Gauteng – THE Cat of Mpumalanga, Deputy President David Mabuza, has had another court victory.
Following a period of great suspicion about his health after a disappearance from the spotlight, Mabuza has challenged a book written about him. The book, called Predator Politics, relates how Mabuza wanted to harm its author, Fred Daniel.
Interestingly, Daniel applied for a protection order against Mabuza and later withdrew it. In a letter seen by The Star, Daniel’s lawyers, DLBM Attorneys, wrote to the magistrate seeking to withdraw the application because he (Daniel) no longer lived in Badplaas and hence didn’t require protection from Mabuza. The catch to the withdrawal of the application was that both parties pay their own legal bills.
The Star has discovered another of Mabuza’s accusers. Anton Vervoed, 61, who had also applied for a protection order against Mabuza but later withdrew it. Speaking to The Star yesterday, Vervoed said he withdrew the protection order against Mabuza after Mabuza’s “political enemy” in the province advised him to do so. Vervoed declined to say who the enemy was.
The Star has seen a copy of the judgment where magistrate Sarel Grabe said: “It is clear that the complainant, Mr Fred Daniel, has a modus operandi of abusing the due processes of the law in order to continue with his illegal activities.”
Dismissing Daniel’s application, Grabe said: “I am respectfully of the view that the complainant cannot be described as a reasonable litigant. It is furthermore clear to the court that the complainant has an ulterior motive in bringing this application. He is much more concerned with having the respondent present at the proceedings and in leading evidence to blow the whistle on alleged corrupt activities by Mabuza and the Mpumalanga government than his own well-being and that of his family.”

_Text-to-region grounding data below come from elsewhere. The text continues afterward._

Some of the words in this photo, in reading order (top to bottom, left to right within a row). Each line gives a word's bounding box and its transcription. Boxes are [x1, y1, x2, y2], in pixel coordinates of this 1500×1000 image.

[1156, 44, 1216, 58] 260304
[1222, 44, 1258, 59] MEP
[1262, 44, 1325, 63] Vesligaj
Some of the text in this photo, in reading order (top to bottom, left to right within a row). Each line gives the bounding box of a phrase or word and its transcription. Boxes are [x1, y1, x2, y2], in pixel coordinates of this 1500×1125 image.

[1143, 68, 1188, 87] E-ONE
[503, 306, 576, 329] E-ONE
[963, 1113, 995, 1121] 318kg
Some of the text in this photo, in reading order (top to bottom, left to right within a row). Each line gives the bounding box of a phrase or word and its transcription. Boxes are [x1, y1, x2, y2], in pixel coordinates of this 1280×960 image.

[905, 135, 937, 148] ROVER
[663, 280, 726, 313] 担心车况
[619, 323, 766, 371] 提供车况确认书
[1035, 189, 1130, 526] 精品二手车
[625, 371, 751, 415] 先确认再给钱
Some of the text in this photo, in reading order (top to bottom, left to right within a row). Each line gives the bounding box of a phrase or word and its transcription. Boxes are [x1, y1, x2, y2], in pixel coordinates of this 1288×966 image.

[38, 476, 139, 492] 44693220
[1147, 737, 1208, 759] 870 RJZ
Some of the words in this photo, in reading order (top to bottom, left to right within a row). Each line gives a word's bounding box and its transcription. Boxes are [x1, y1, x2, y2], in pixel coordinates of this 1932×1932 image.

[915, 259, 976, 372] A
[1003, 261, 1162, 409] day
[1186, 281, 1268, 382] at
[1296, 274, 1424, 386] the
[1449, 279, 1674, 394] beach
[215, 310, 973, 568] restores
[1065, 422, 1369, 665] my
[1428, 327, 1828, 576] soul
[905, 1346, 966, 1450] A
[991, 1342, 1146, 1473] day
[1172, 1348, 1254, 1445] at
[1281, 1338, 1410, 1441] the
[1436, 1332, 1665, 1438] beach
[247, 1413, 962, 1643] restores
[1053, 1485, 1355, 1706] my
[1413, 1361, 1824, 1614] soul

The preview of the book, however, ignores the court findings on Daniel, calling it a “retaliation faced by Daniel after attempts by corrupt politicians to grab his nature reserve”. A search on civil cases by Daniel revealed that he had at one point attempted to sue the state for R1.7 billion.
Responding to questions on the book, Mabuza’s office said: “We can confirm that the author did not ask the deputy president nor approach the office of the deputy president for comment on the book.”
Also yesterday, Mabuza welcomed the seven-year imprisonment of a 32-year-old woman who had accused him of conspiring to commit murder. The Nelspruit Regional Court on Monday sentenced Nomfundo Petronella Sambo to serve a seven-year sentence for charges she had pleaded guilty to in August.
On Sambo’s conviction, the deputy president’s office responded: “The frivolous allegations that were levelled against the deputy president are severe and enjoyed prominence at the time. It is normal that the deputy president would feel vindicated that justice has been served. The outcome will hopefully close a painful chapter.”
The Hawks said that the charges brought against Sambo included concealing her real identity and using the pseudonym of “Thandeka Mabuza” and masquerading as the deputy president’s niece, for which she was sentenced to five years’ imprisonment without an option of a fine.
“The Hawks investigation later found that the deputy president was not in the country at the time of the offence. It became clear that the statement may not have been truthful but a possible fabrication, including her relationship with the deputy president,” said Hawks spokesperson Hangwani Mulaudzi.
Asked who he believed was behind Sambo’s allegations and the new book, Mabuza said: “Lies have short legs. They must know the cat is back.”